Not only does Lexos provide the ability to prepare and visualize text data but it also supports the analysis of text data. Lexos can analyze the data through statistics, clustering, SimilarityQuery, or topword. By providing the user with statistics, Lexos allows the user to focus on analyzing those statistics rather than spending time calculating them. Also, clustering is very important in data mining and Lexos allows for two types of clustering, both hierarchical and clustering with K means. SimilarityQuery is a great analytical tool because it allows for document comparison which is a major subfield of text mining.

Overall, I consider Lexos to be an effective and well rounded tool. Preparing the data, especially scrubbing, produces a more meaningful result. Visualizing the data in various ways allows for more complex analysis. The various analytical tools produce a plethora of useful information for the user. Lexos is well-organized and quite effective as a text mining analysis tool.

Feb 22
2016
11:26 AM

Lexomics Tool (assignment 2)

The Lexos tool provides an analytical resource to experiment with the frequency of word usage in a specific text. This tool is slightly confusing to the untaught eye as the terminology used isn’t necessarily common knowledge. The tool allows one to upload a text, buffer words out of the text and then look at their frequency alone. It also allows for one to upload multiple texts and compare their word usages together through a hierarchical dendrogram. (Note difficult terminology) Had I not been walked through how to set up the texts I likely would have stopped using the tool as I personally wouldn’t have understood what exactly my results were showing, so it is fair to assume that this tool was created for the professional digital humanists. The tool itself, while very interesting, doesn’t really have much use outside of digital humanities, it allows one to answer questions about the way in which an author compares with their own or others work but the average person doesn’t have that question in mind typically. So the social assumption made for who is using this tool is that they are an educated person doing a research project on specifically word usage, frequency and comparing/ contrasting various texts words.

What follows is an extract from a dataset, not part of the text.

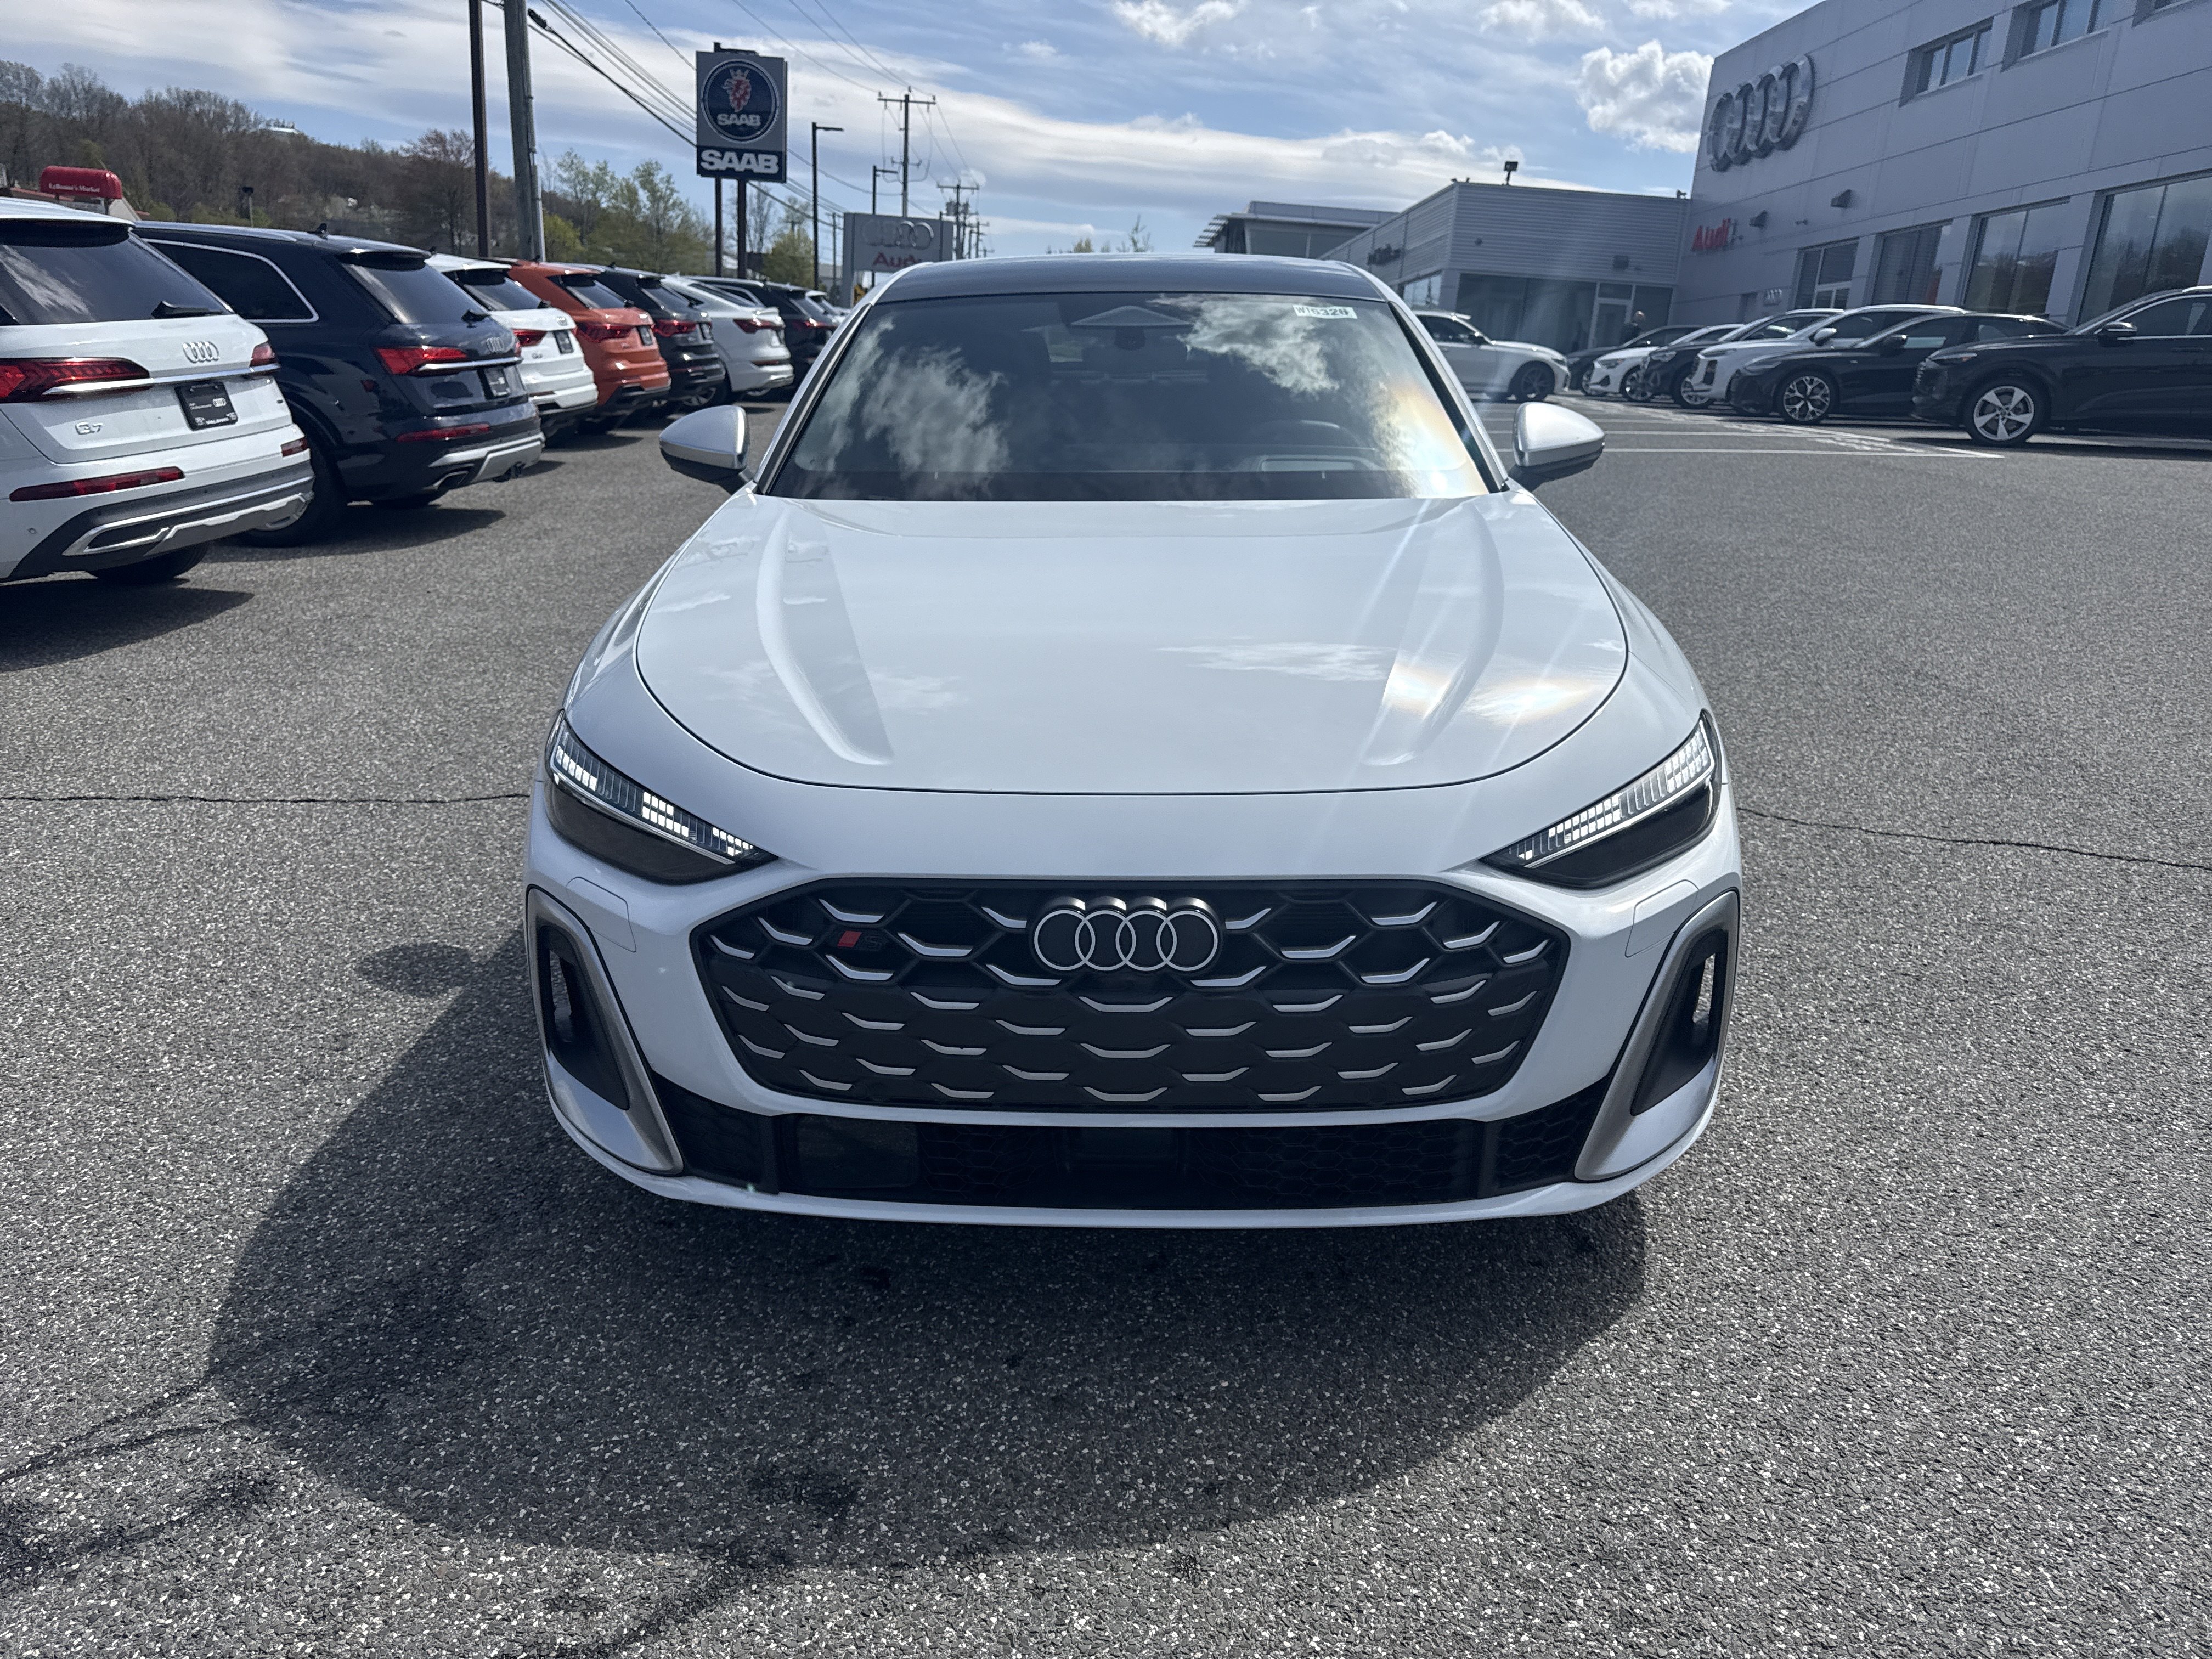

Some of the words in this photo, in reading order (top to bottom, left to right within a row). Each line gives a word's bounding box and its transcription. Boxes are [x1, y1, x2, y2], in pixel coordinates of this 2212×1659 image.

[716, 113, 761, 127] SAAB
[700, 149, 780, 174] SAAB
[75, 421, 104, 435] Q7
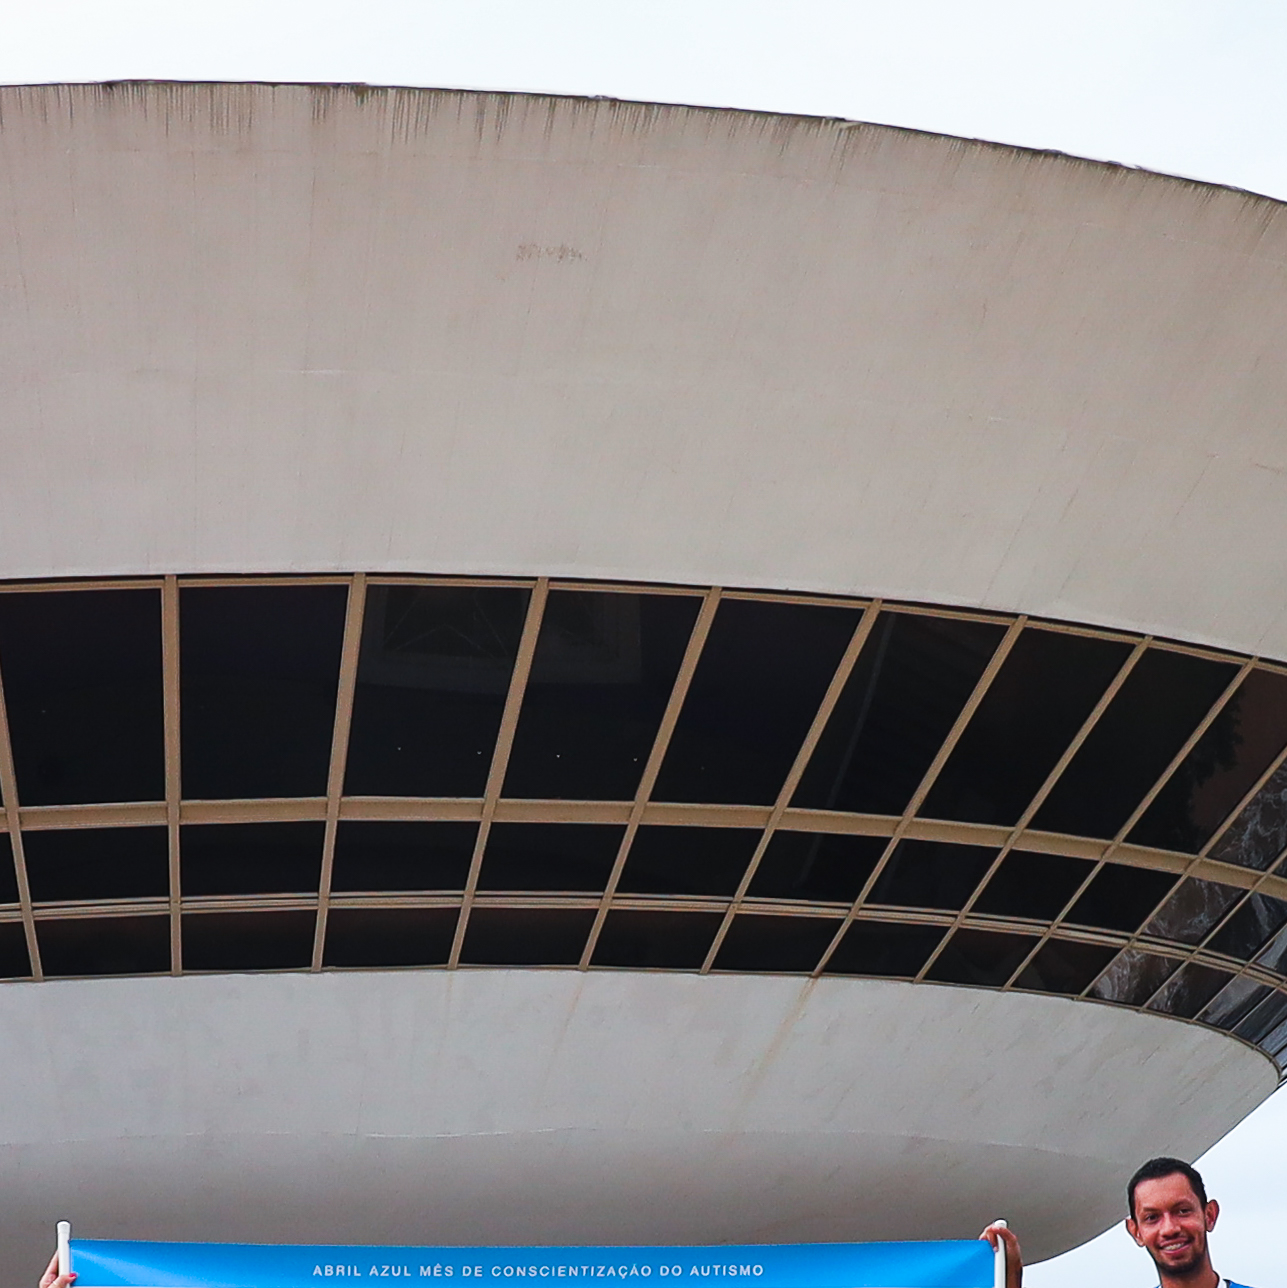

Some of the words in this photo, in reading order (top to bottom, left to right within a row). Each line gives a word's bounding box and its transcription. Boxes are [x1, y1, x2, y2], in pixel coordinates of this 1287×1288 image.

This tool does offer much more detailed and interesting results than other tools in its realm such as Word Cloud. Word Cloud only allows you to look at one text and then see the results of most frequently used words on a spread with frequency depicted by the size of the word. Lexos doesn’t overemphasize in the same way that WordCloud does on the most frequently used words and it also provides a word count of frequency when you scroll over the word, which WordCloud does not do. Lexos also has the option of “scrubbing” out words that aren’t interesting or necessary in the research, for example one can take out all of the pronouns from a story to provide a better detail of the content rather than the subjects within. Also, differing from WordCloud, Lexos provides statistical analysis of word frequency and word usage by providing a dendrogram graph. This feature in itself makes Lexos a much more detailed oriented and research oriented site that can do more than just providing an interesting look at words in a text.

As previously stated, this tool is for those with a question or a problem to solve, not just a typical internet user. There has to be an interest in a particular text or texts and a question pertaining to it otherwise the results are rather meaningless.  In practice with the tool we analyzed the similarities between texts from Bronte, Jane Austen and George Eliot; what became interesting however is that the two authors that had more similarity were those which were from further time periods. We knew these were more similar by the way they cluster in the dendrogram. However, with further knowledge of these texts one would know that this is likely because the Eliot text was written as if the time setting was the early 1800s, which is the time of Jane Austen’s novels; which therefore provides evidence at the least that Eliot’s novel accomplished its goal in that sense.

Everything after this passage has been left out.